Judges continue to dive deeper and deeper into issues of policy and morals. The court leads a political agenda and seeks to take part in moral decisions that have nothing to do with the rule of law.
This constitutional crisis does not stem from the fact that the court granted itself the authority to criticize primary Knesset legislation and the need to protect the rights of the Palestinians, but rather from the kind of criticism the court voices.
The court was well aware that it had entered a debate on Israel's most controversial political issue, but its ruling was worded in such a way as if it were a settlement on Mars that Israeli space forces had invaded and captured in war.
The verdict opened with a review of the law in the West Bank and discussed it without mentioning that it is a contested territory whose legal status has been debated since the inception of the state and Israel has claims to it.
For a moment there, one might think that maybe the judges wanted to bolster the claims that they were discussing an issue that they had no part in and represent fringe political views on purpose to showcase their great power over Knesset.
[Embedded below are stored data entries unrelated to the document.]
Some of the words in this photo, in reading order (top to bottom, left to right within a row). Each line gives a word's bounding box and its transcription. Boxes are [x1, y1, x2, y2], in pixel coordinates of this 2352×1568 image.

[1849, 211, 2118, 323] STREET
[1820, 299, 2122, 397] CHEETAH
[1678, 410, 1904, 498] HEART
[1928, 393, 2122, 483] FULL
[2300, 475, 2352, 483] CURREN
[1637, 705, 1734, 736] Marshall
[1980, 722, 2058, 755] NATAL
The judges' political rulings are, first and foremost, reflected by the odd timing they were published. In a staggering coincidence, in the passing month, the court annulled the deposit law in a petition filed three years ago, the West Bank regularization law enacted three years ago, and grants for culture shows in the West Bank that were set four years ago – and all this before the main course – the upcoming court hearing on the Nation-State Law.
In other words, the court waited for a new government to undo the previous one's policies. This unusual coincidence raises suspicions that someone in the Supreme Court is operating out of political interests and not out of their understanding of the law.
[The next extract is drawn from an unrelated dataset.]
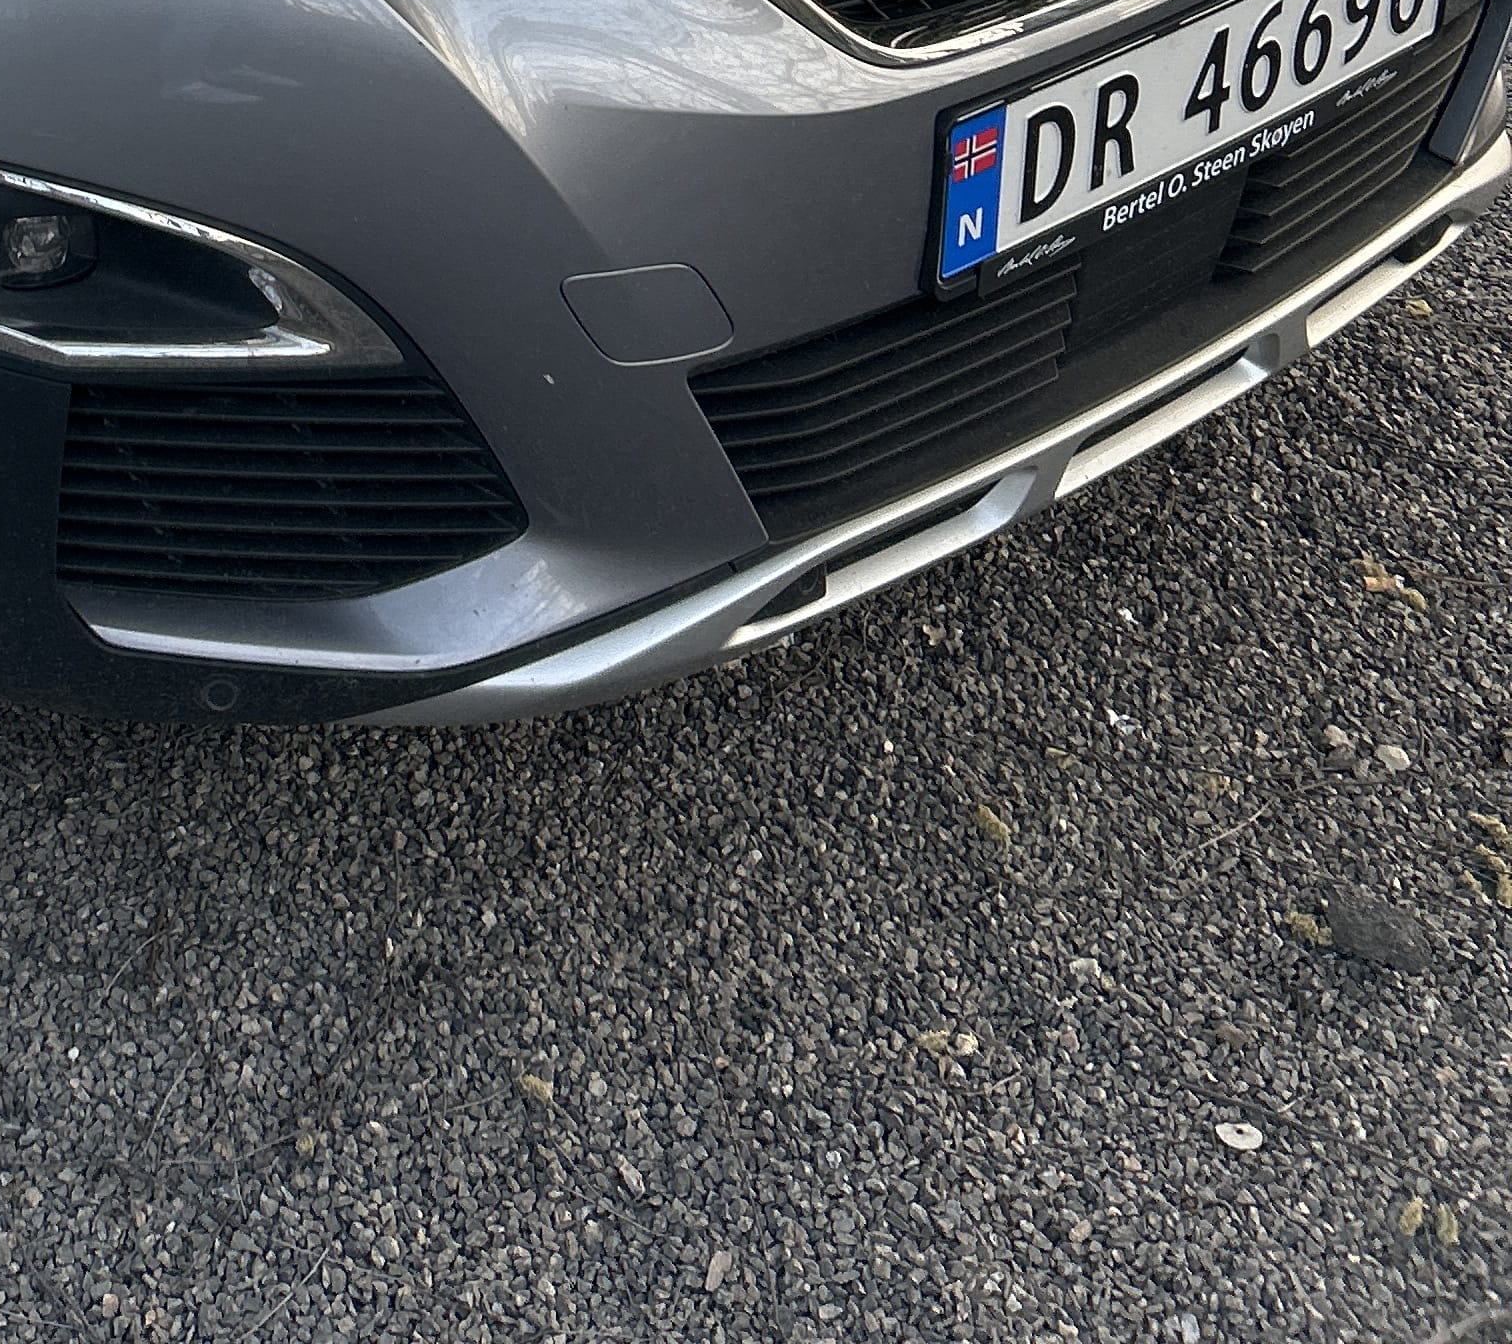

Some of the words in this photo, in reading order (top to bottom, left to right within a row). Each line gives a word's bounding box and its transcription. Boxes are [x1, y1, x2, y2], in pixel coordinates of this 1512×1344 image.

The court ruling on the regularization law continues a worrying new trend: the court signals to Knesset that it is willing to strike down any legislation that it deems inappropriate.
The judges explained that the Knesset's considerations regarding the regularization law were invalid. According to the judges, the Knesset's desire to regulate construction for national-political reasons, seeking to prevent massive evacuations, is improper.
Knesset's main work tool is legislation that fulfills the will of the public and ruling on moral issues based on the current political balance. The legislative process starts when Knesset identifies a social problem that the legislature seeks to resolve.
Until recently, the court made sure to intervene only on the execution of the law and criticize the solution when it deemed it was disproportionately violating human rights. Bur recently, the court began to intervene on the laws themselves and rule that the very goals that Knesset seeks to promote are wrong.
The court grades Knesset for the goals it seeks to achieve in its legislation and rules out laws only because it does not sympathize with the need that lawmakers recognize.
Tuesday's ruling also seeks to impose new and unpredictable restrictions on Knesset through the subordination of Israeli law to international law. The fact that international law is an undefined set of norms that develops without Israeli control over it while severing the ties between the sovereign (Israeli citizens) and the laws it lives by – shows that judges are not afraid to introduce their alternative to the democratic process, where the sovereign decides what laws to live by through its representatives.
One cannot keep claiming that the court acts professionally and non-politically while such predictable rulings continue to see the light of day.
A political court that chooses to act at the heart of the political arena is bound to become politically elected. It may take time, and it is probably impossible under the current Knesset, but the change will come. It is a necessary by-product of these rulings.